Required work >> Exclude the images and repeat all remaining entries exactly.

Entries supplied >>
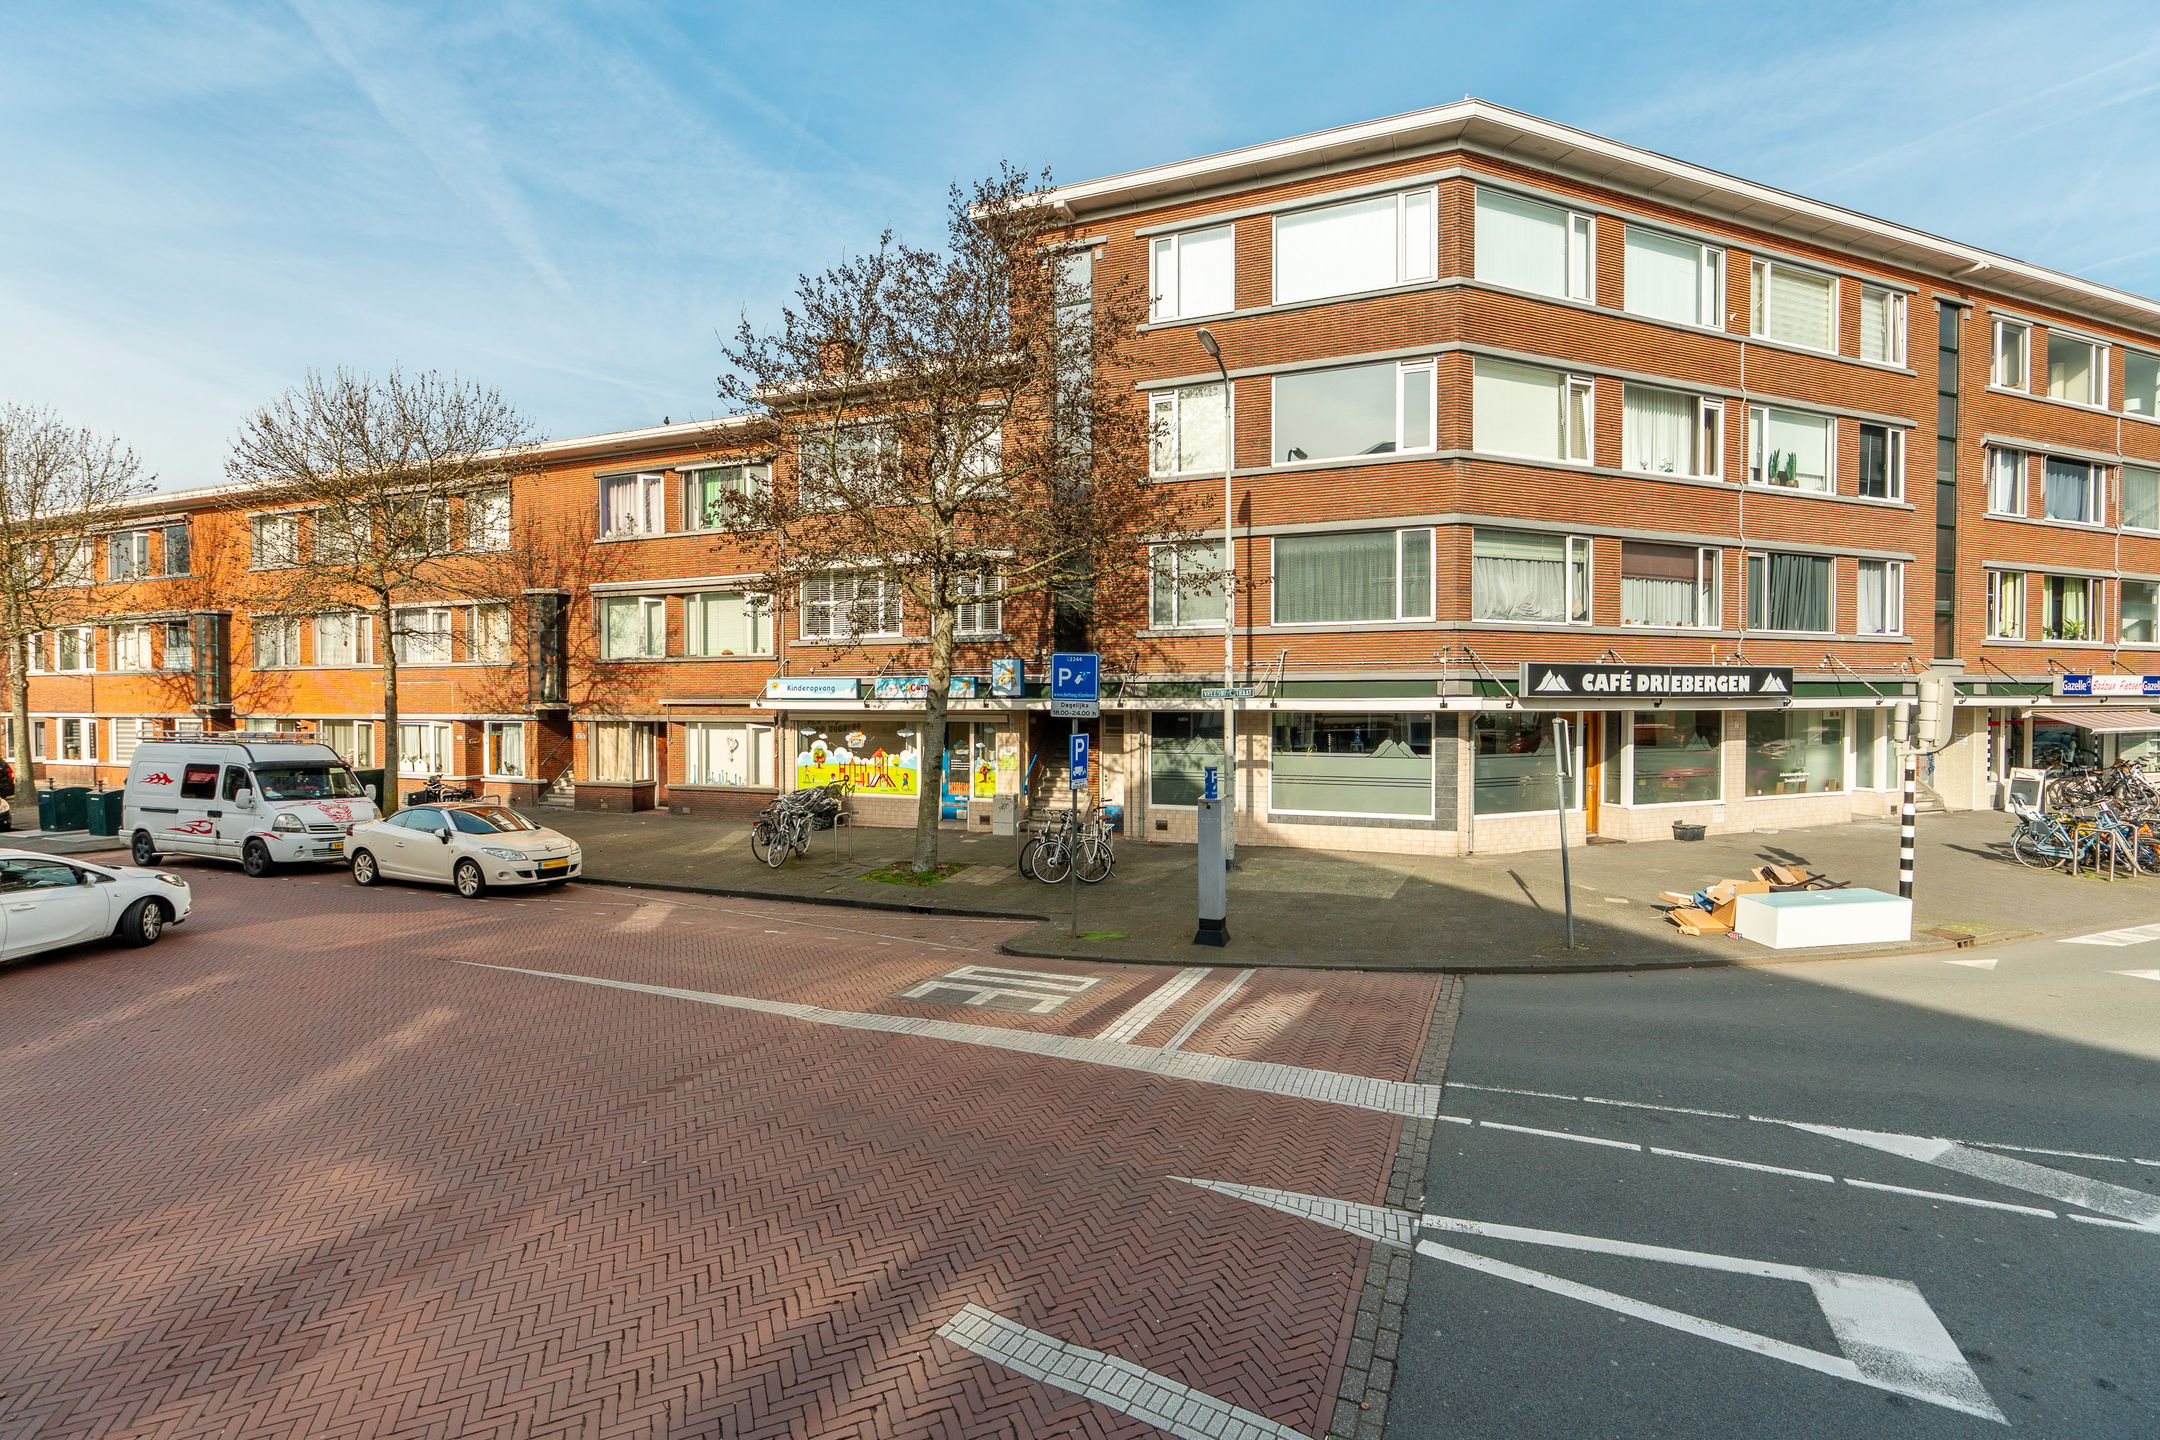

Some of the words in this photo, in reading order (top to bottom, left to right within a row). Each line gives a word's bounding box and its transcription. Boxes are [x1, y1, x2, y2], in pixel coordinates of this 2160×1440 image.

[1582, 670, 1632, 692] CAFÉ
[1636, 673, 1750, 693] DRIEBERGEN
[2063, 680, 2087, 691] Gazelle
[2143, 680, 2160, 691] Gazel
[786, 684, 836, 693] Kinderopvang
[1075, 738, 1084, 761] P
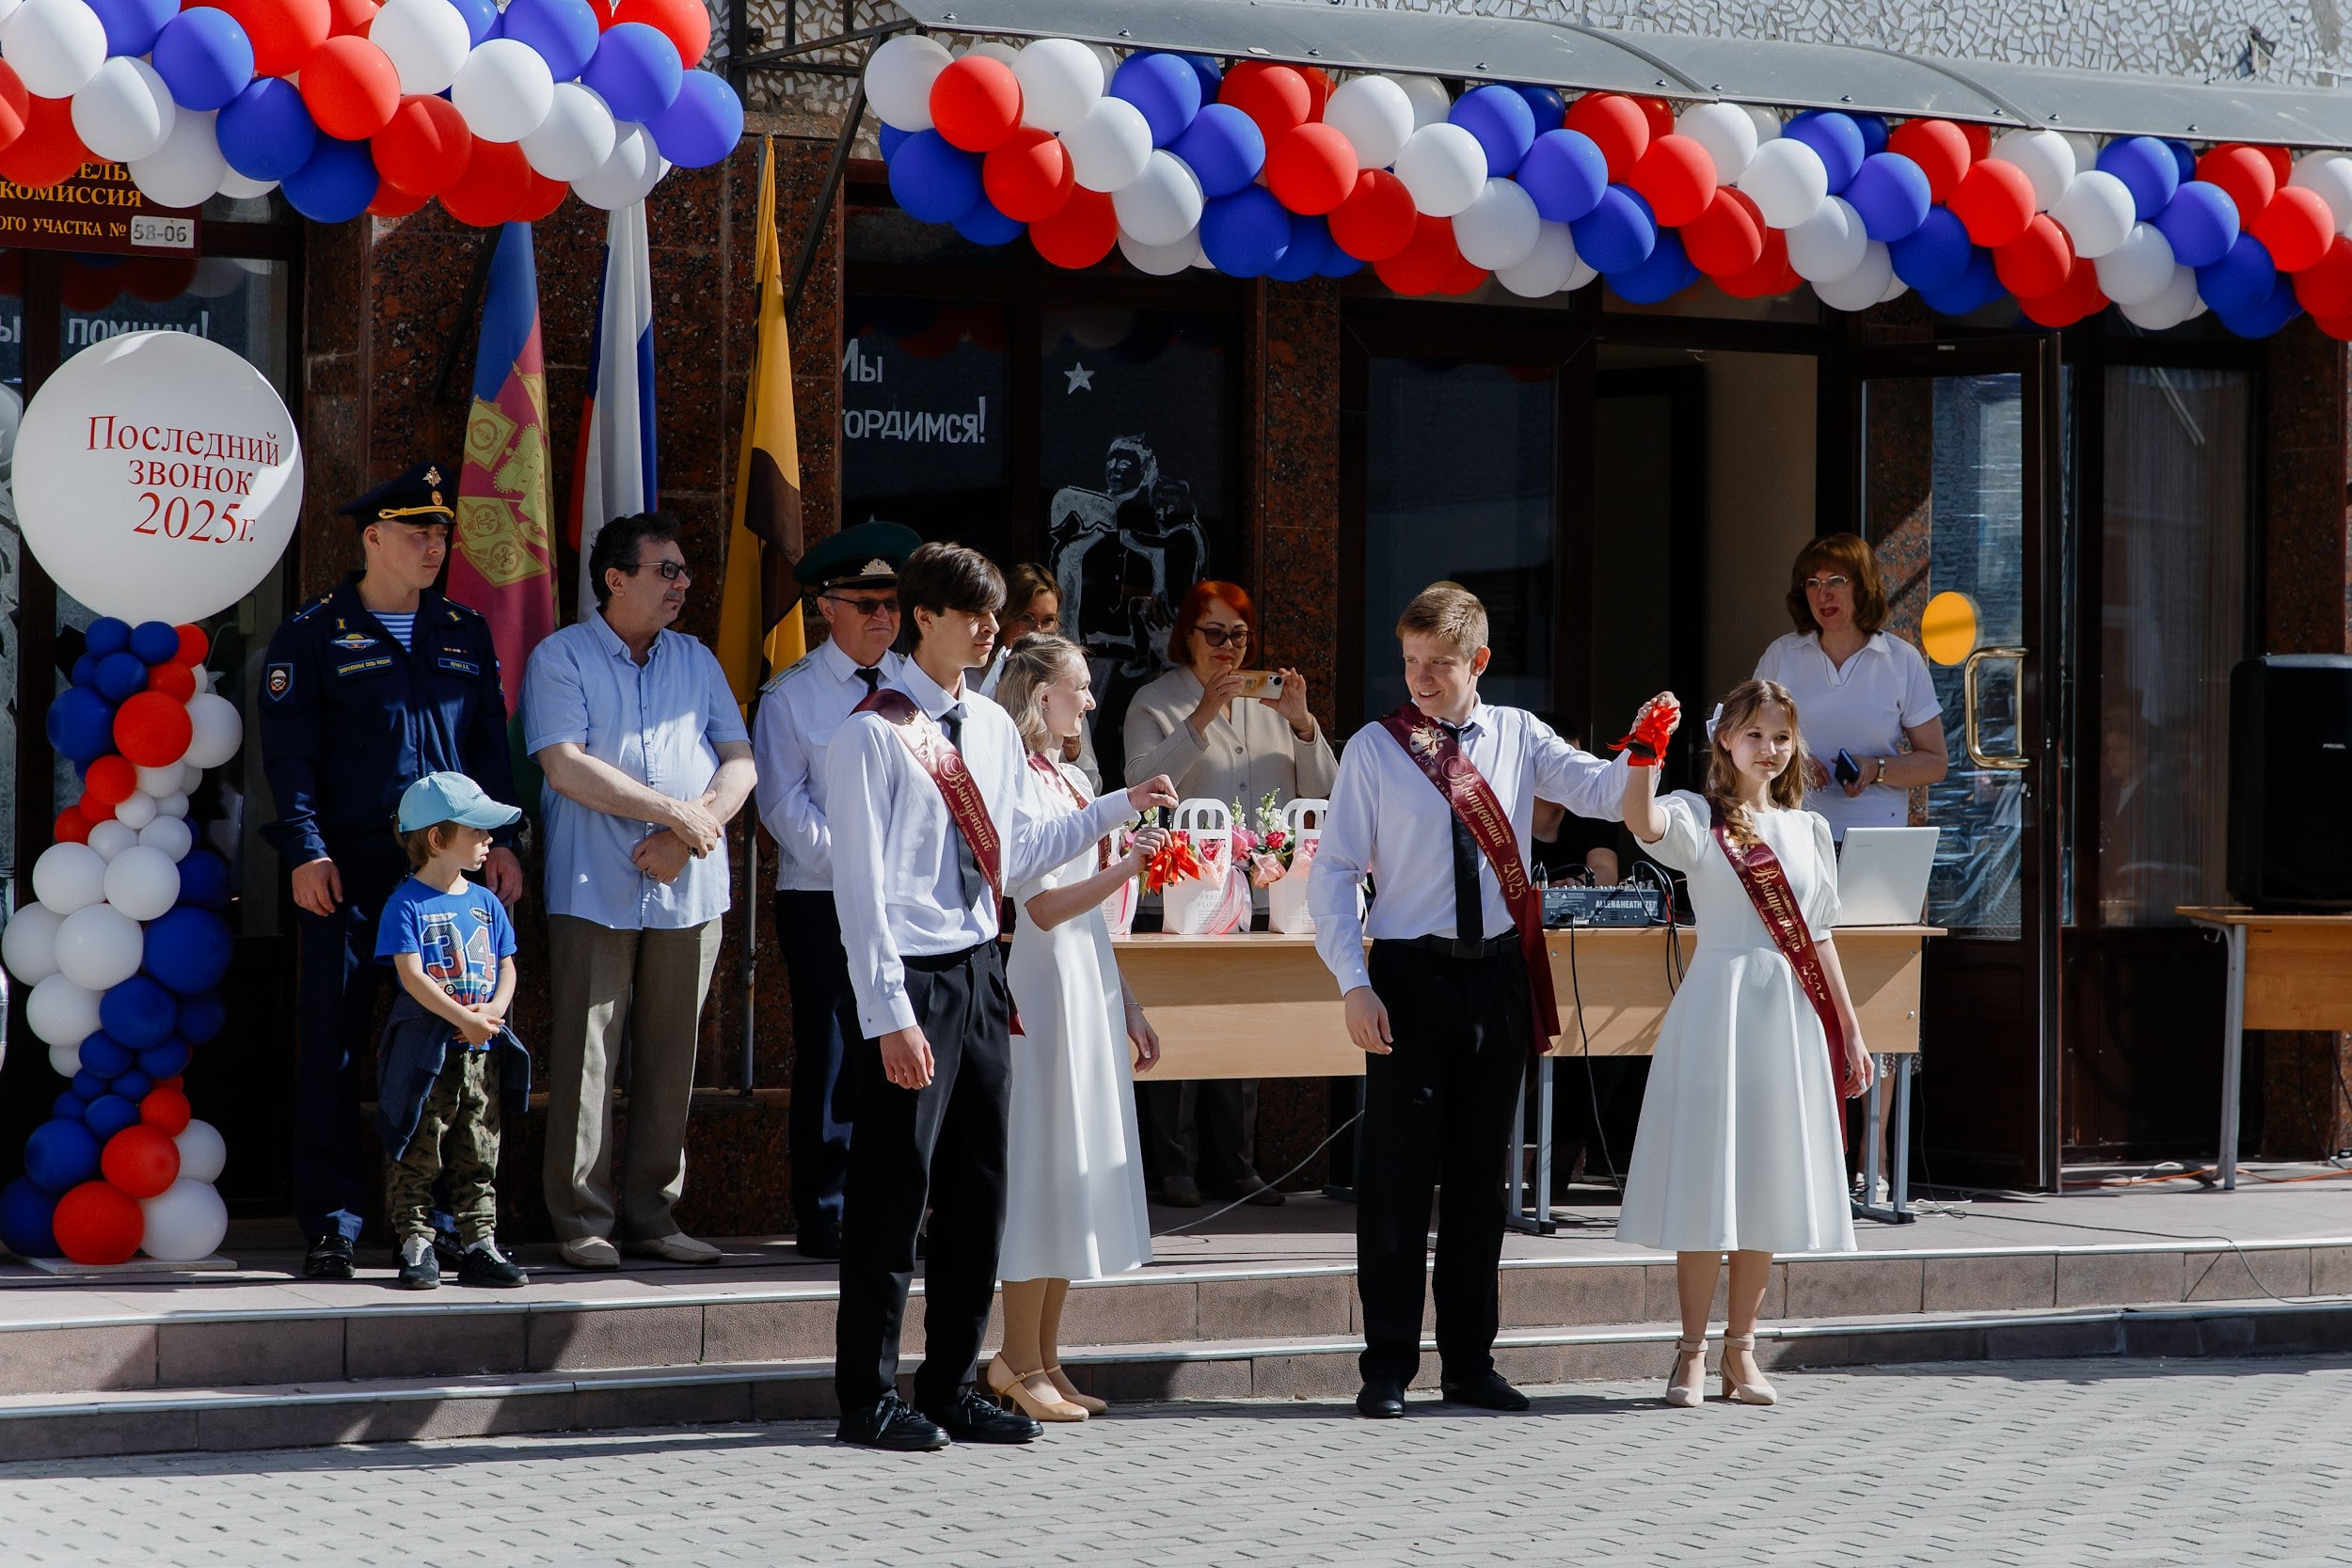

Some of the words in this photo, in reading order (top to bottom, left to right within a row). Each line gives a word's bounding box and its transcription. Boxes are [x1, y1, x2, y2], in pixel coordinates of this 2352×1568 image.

[0, 182, 142, 207] КОМИССИЯ
[72, 161, 134, 182] ЕЛЬ
[33, 217, 103, 236] УЧАСТКА
[109, 222, 127, 237] №
[134, 224, 187, 243] 58-06
[87, 415, 280, 467] Последний
[128, 459, 253, 496] звонок
[133, 492, 256, 544] 2025г.
[939, 753, 993, 852] Выпускник
[1441, 755, 1504, 847] Выпускник
[1502, 857, 1526, 900] 2025
[1748, 852, 1801, 953] Выпускница
[421, 923, 495, 984] 34
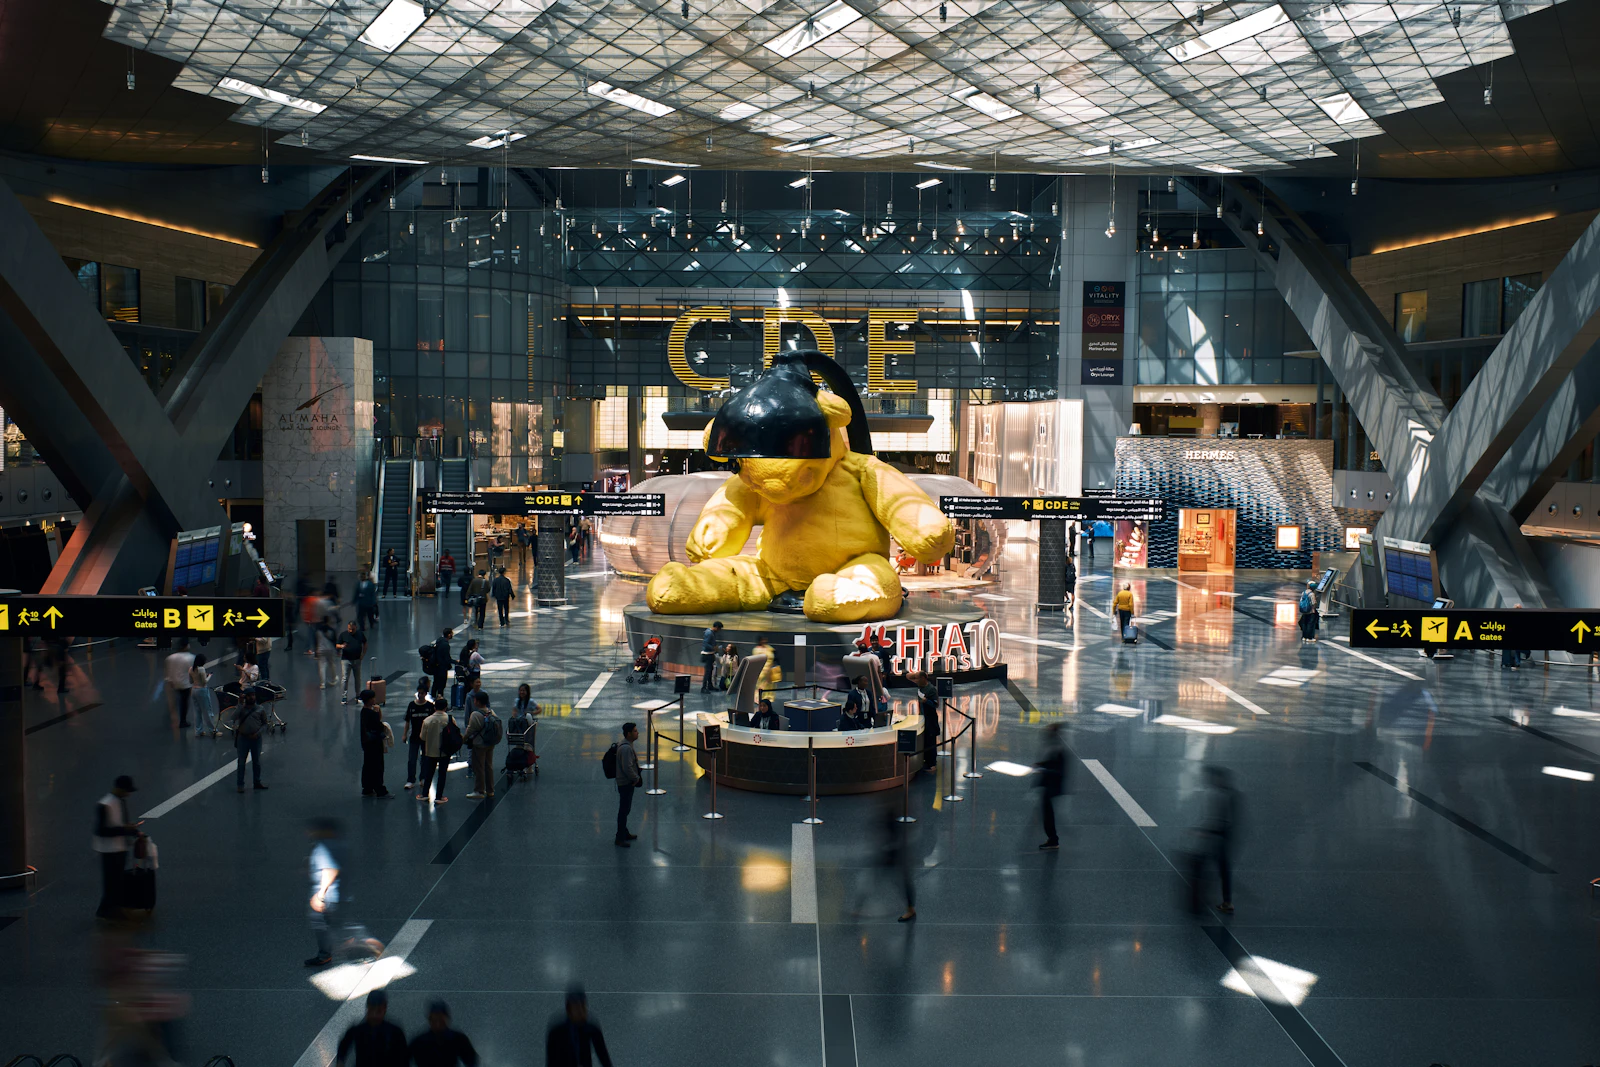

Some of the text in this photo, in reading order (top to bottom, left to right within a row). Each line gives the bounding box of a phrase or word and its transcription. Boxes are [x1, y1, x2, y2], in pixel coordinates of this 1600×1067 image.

Task solution >>
Some of the words in this photo, in reading order (top to bottom, left to right within a row). Each line gives a word's bounding box and its transcription. Boxes are [x1, y1, x2, y2], in pixel coordinates of this 2160×1440 image.

[1582, 670, 1632, 692] CAFÉ
[1636, 673, 1750, 693] DRIEBERGEN
[2063, 680, 2087, 691] Gazelle
[2143, 680, 2160, 691] Gazel
[786, 684, 836, 693] Kinderopvang
[1075, 738, 1084, 761] P

Some of the words in this photo, in reading order (top to bottom, left to right within a row). Each line gives a word's bounding box and its transcription. Boxes are [x1, y1, x2, y2], in pixel coordinates of this 2352×1568 image.

[0, 182, 142, 207] КОМИССИЯ
[72, 161, 134, 182] ЕЛЬ
[33, 217, 103, 236] УЧАСТКА
[109, 222, 127, 237] №
[134, 224, 187, 243] 58-06
[87, 415, 280, 467] Последний
[128, 459, 253, 496] звонок
[133, 492, 256, 544] 2025г.
[939, 753, 993, 852] Выпускник
[1441, 755, 1504, 847] Выпускник
[1502, 857, 1526, 900] 2025
[1748, 852, 1801, 953] Выпускница
[421, 923, 495, 984] 34

Some of the text in this photo, in reading order (top to bottom, left to right within a row). Each line gives the bounding box of a phrase or word and its transcription. Boxes are [x1, y1, x2, y2], in pixel coordinates of this 1600×1067 image.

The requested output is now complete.